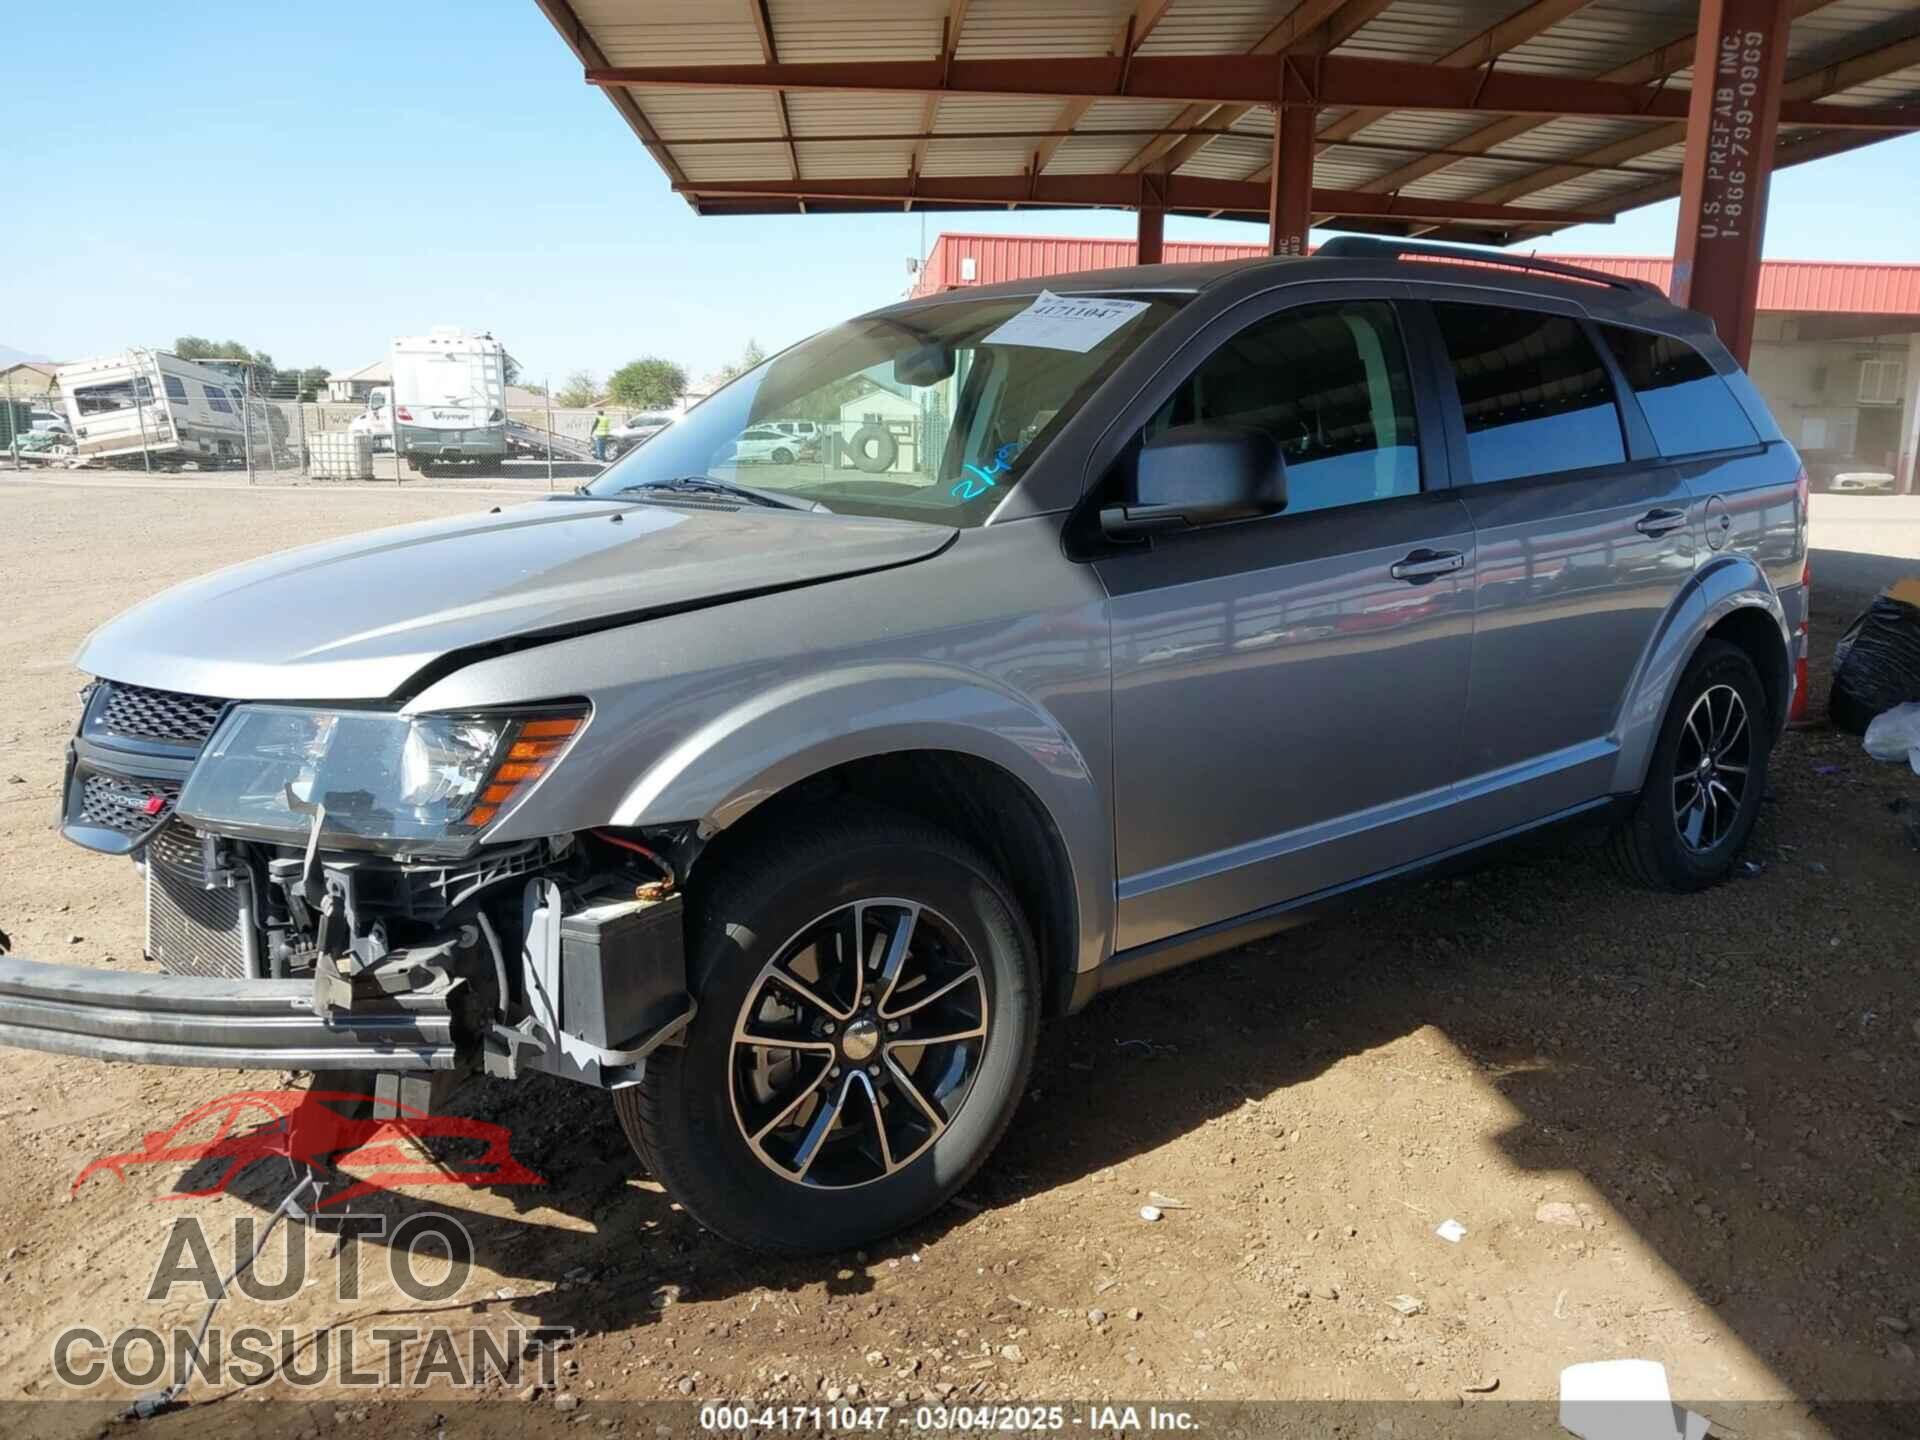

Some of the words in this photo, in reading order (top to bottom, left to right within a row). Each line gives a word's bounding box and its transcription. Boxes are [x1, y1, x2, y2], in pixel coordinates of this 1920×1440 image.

[1719, 29, 1743, 75] INC.
[1708, 87, 1735, 180] PREFAB
[1721, 31, 1764, 237] 1-866-799-0969
[1700, 194, 1723, 238] U.S.
[1034, 306, 1123, 319] 41711047

• • • • • • •

▶ **What the task asks**
Wherever a picture appears in the material above, skip it and copy the rest without change.

▶ **Written answer**
Some of the words in this photo, in reading order (top to bottom, left to right within a row). Each line gives a word's bounding box and its transcription. Boxes are [x1, y1, x2, y2], in pixel coordinates of this 1920×1440 image.

[1719, 29, 1743, 75] INC.
[1708, 87, 1735, 180] PREFAB
[1721, 31, 1764, 237] 1-866-799-0969
[1700, 194, 1723, 238] U.S.
[1034, 306, 1123, 319] 41711047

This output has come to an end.